By Elizabeth Kolbert, Bloomsbury, January 15, 2015, 978-1408851241

The Sixth Extinction is the period in which we live. Humans are killing off species in geologic time, just like the other five mass exinctions. Elizabeth Kolbert documents that this is happening and has been happening for millenia and why. This isn’t an industrial age problem: we are the problem. (Machines don’t cause extinction, people do.)

We’ve only recently begun to understand the meaning on extinction. It’s a relatively new concept, and our understanding of what happened when evolved rather rapidly with the discovery of the iridium layer in 1980. We have only just begun to confirm the anthropocene extinction, which is the primary subject of Kolbert’s book.

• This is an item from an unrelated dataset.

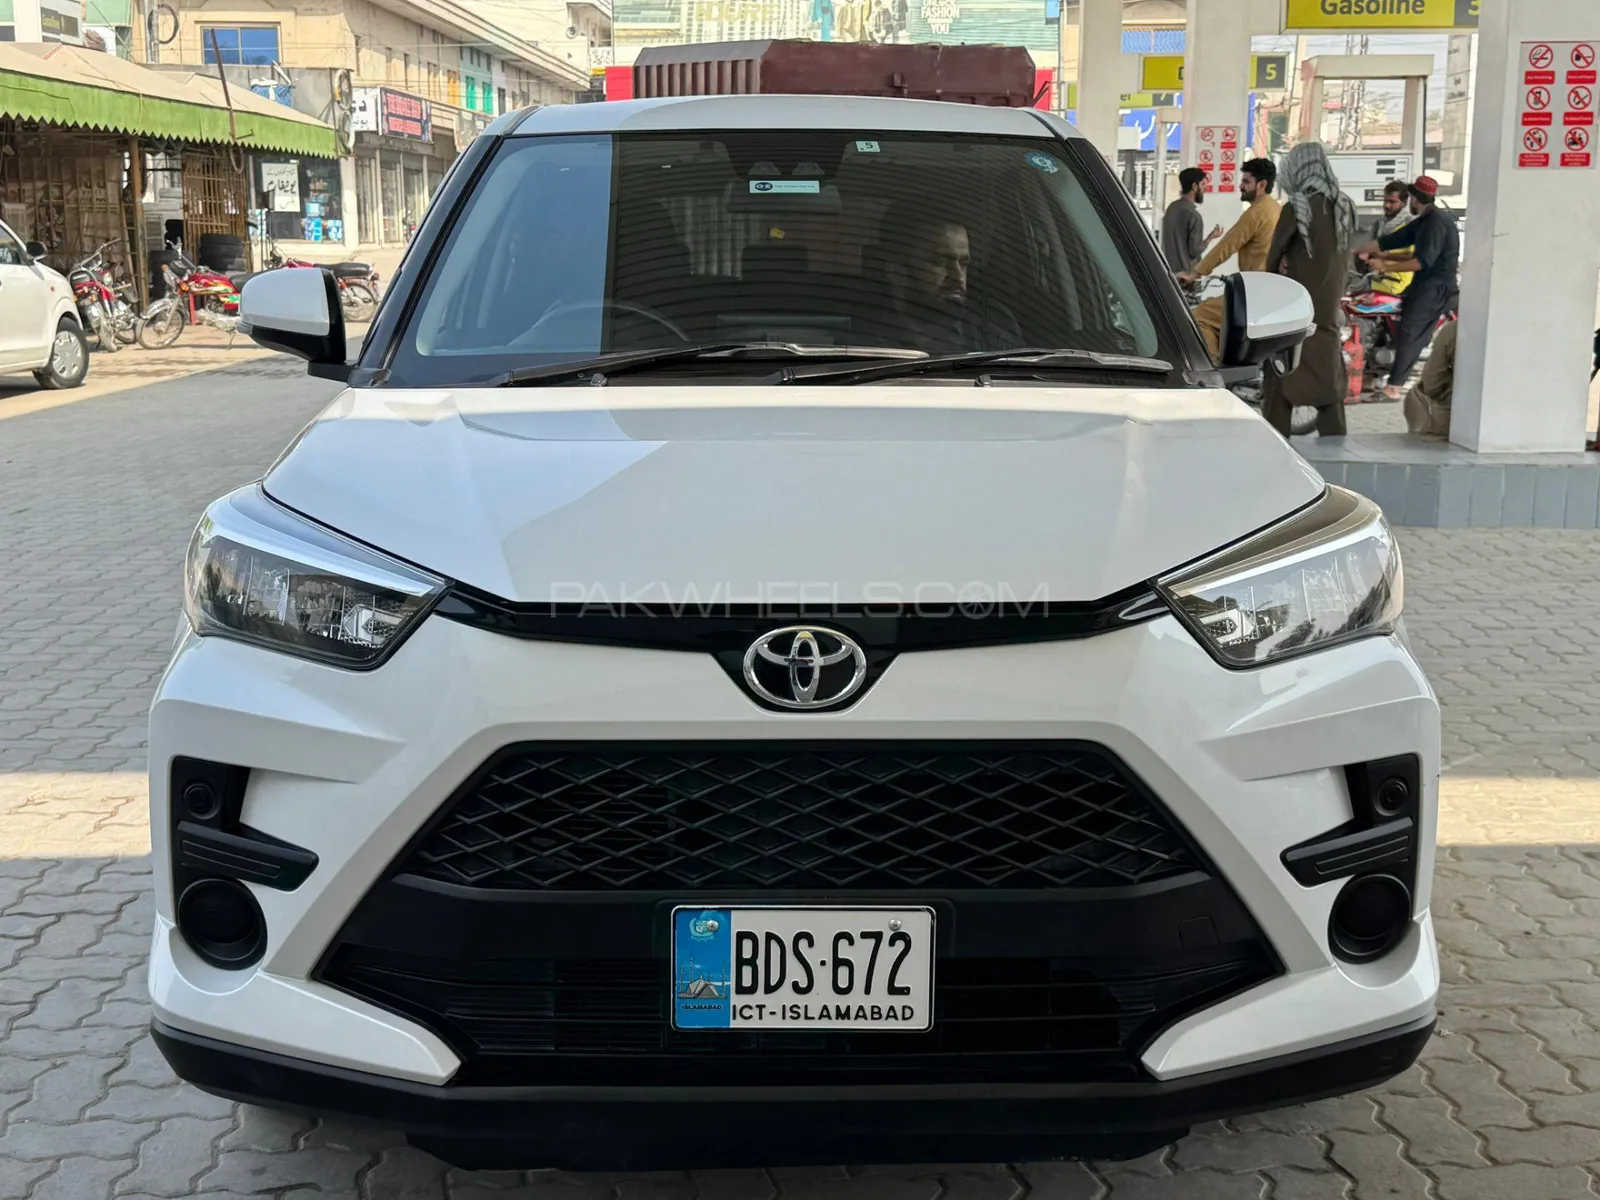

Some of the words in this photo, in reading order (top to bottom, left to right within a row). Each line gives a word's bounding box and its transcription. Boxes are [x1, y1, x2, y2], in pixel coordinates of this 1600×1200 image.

This is an excellent summary of the science. I plowed through it in five days, which is unusual for me. It was recommended by Dylan who was assigned it for a geology class at Colorado College. I highly recommend it.

[k252] Such wholesale losses have led paleontologists to surmise that during mass extinction events–in addition to the so-called Big Five, there have been many lesser such events–the usual rules of survival are suspended. Conditions change so drastically or so suddenly (or so drastically and so suddenly) that evolutionary history counts for little. Indeed, the very traits that have been most useful for dealing with ordinary threats may turn out, under such extraordinary circumstances, to be fatal.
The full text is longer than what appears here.